Wer sich nur oberflächlich mit dem deutschen Verfassungsrecht auseinandersetzt, wird den Begriff Brandmauer nicht finden. Denn es ist verfassungswidrig, bestimmte Gruppen von Abgeordneten festzulegen, die der vollständigen Ausgrenzung anheimfallen. Jeder Abgeordnete, aber auch jeder, ist seinem Gewissen verpflichtet und hat dem deutschen Volk zu dienen. Solange eine politische Partei in Deutschland nicht verboten ist, kann es keine Ausgrenzung von politischen Mandatsträgern geben. Die in Deutschland an Ein- und Zufluss verlierenden ehemaligen „Volksparteien“ kommen gar nicht auf die Idee, dass sie selbst etwas falsch machen könnten und deshalb das Vertrauen der Wähler verloren haben und weiterhin verlieren. Die politischen Köpfe, die diese Parteien derzeit führen, ähneln Witzfiguren und sind in ihrer öffentlichen Wirkung geeignet, Angst zu verbreiten.

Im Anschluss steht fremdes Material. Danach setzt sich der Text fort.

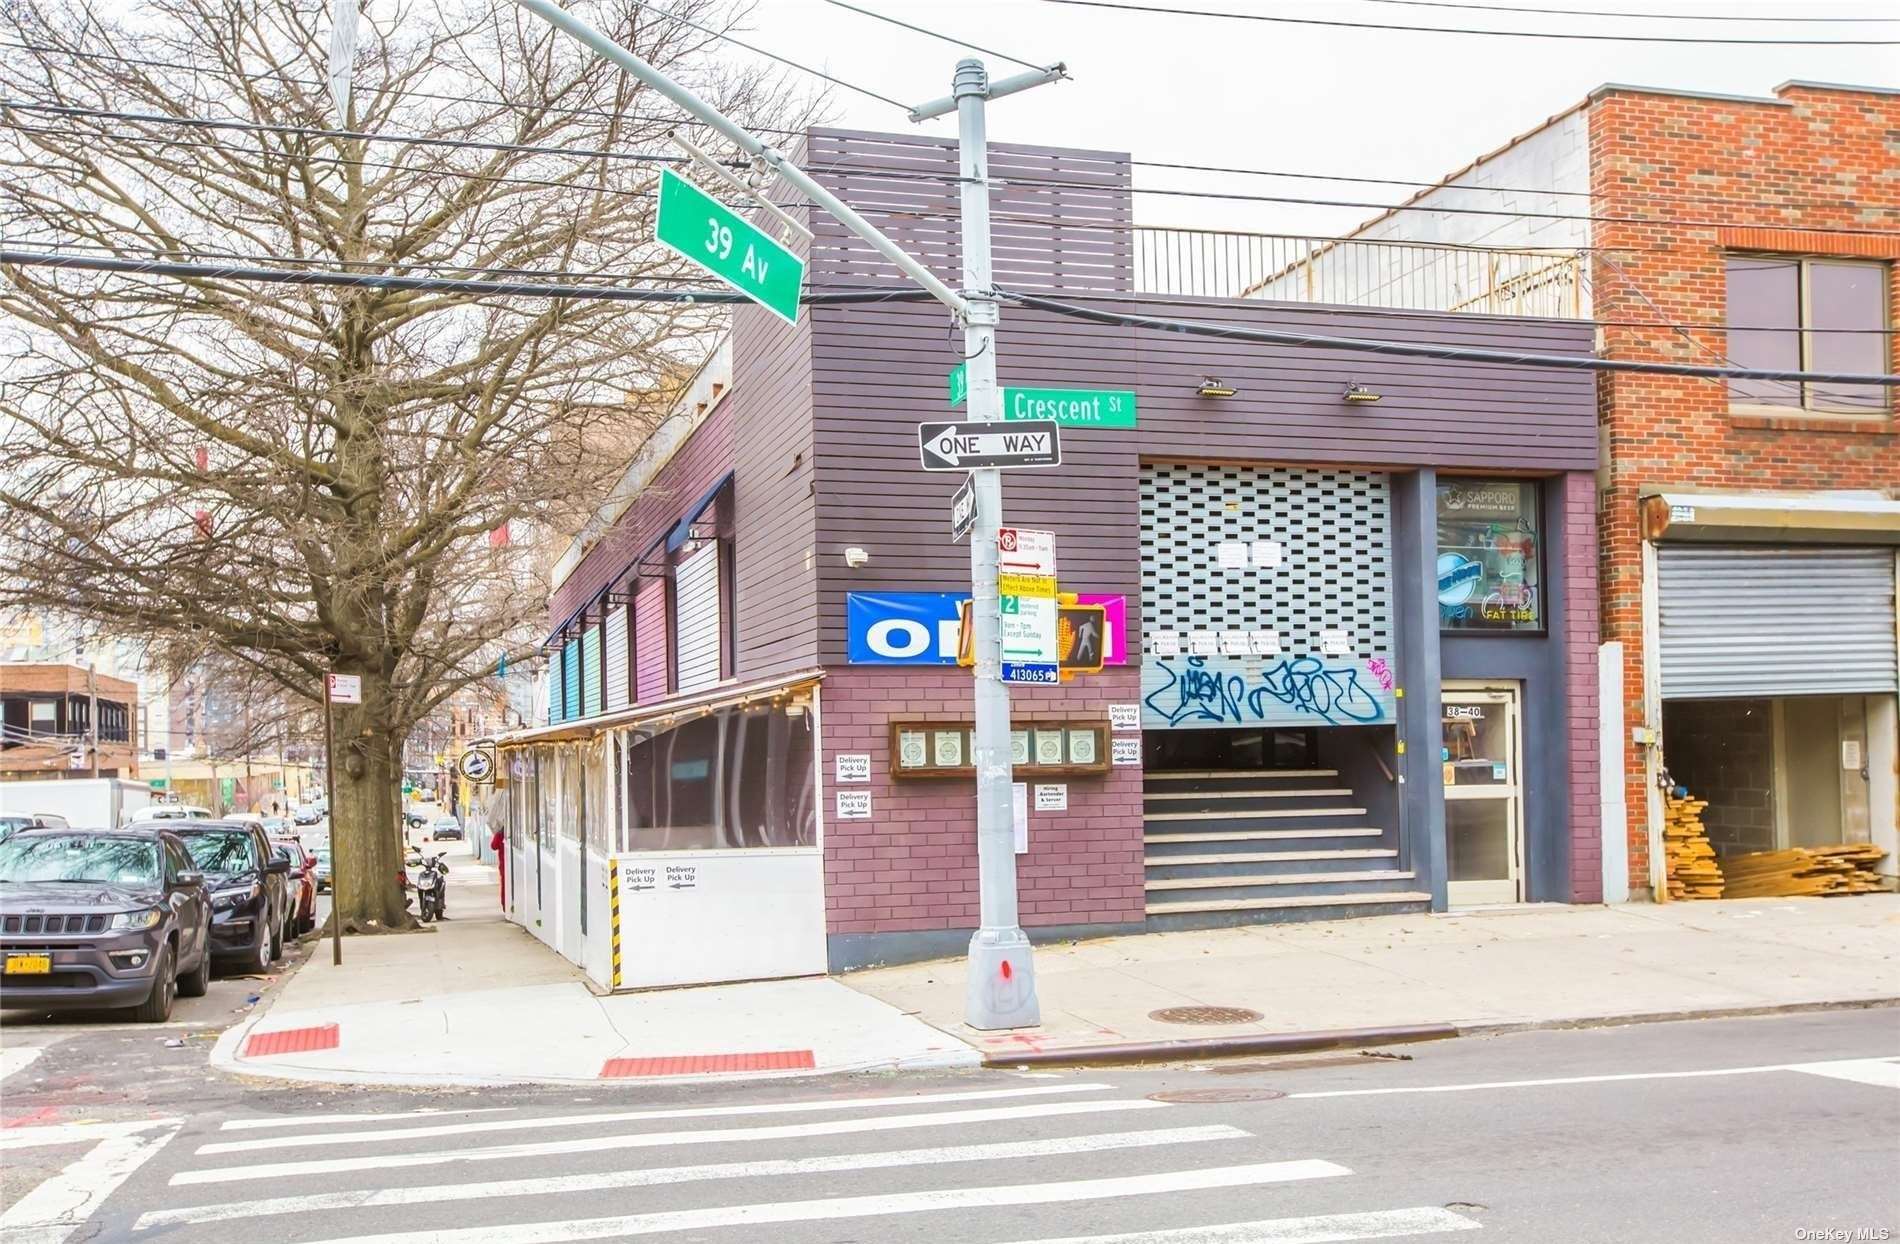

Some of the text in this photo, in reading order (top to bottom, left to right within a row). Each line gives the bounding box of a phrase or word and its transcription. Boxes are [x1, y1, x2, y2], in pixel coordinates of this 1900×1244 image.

9. Juli 1990, Leipzig: Bei einer Häftlingsrevolte begab sich Innenminister Peter-Michael Diestel (rechts) auf das Dach der Untersuchungshaftanstalt. Abbildung: Bundesarchiv, Bild 183-1990-0709-016/Kluge, Wolfgang/CC-BY-SA 3.0
Eine Rückkehr der Eliten ist geboten
Deshalb ist es aus genau diesen Gründen notwendig, in sich zu gehen und den elitefreien Zustand in den Führungen der Parteien in Deutschland zu beenden. Eine Außenministerin ohne fachliche und rhetorische Eignung hat Deutschland über fast vier Jahre in der ganzen Welt lächerlich gemacht. Die Zankereien in der Ampelkoalition und das würdelose Ende dieser Regierung haben dem Ansehen unseres Landes extrem geschadet. Man lacht über uns, wir werden nicht mehr eingeladen und ernst genommen und die Antwort der Regierenden darauf ist: „Augen zu und durch!“
Als Ostdeutscher musste ich lernen: „Von der Sowjetunion lernen, heißt siegen lernen“. Mit der Wende habe ich gelernt, dass das ganz anders sei, nämlich dass von den Vereinigten Staaten lernen, siegen lernen bedeute. Aber auch das ist jetzt wohl falsch, und ich bin gegenwärtig sehr froh, dass unsere Nochaußenministerin den Vereinigten Staaten nicht den Krieg erklärt. Wenigstens hat diese Dame das Gemälde eines der bedeutendsten deutschen Diplomaten und Staatsmänner – Otto von Bismarck – abgehängt. Man weiß ja nicht, ob er ein Nazi war und ob seine Verstrickung mit dem Dritten Reich nicht vorwerfbar sein könnte. Dies ist eine sarkastische Zuspitzung, die aber deutlich macht, wie deutsche Außenpolitik sich darstellt.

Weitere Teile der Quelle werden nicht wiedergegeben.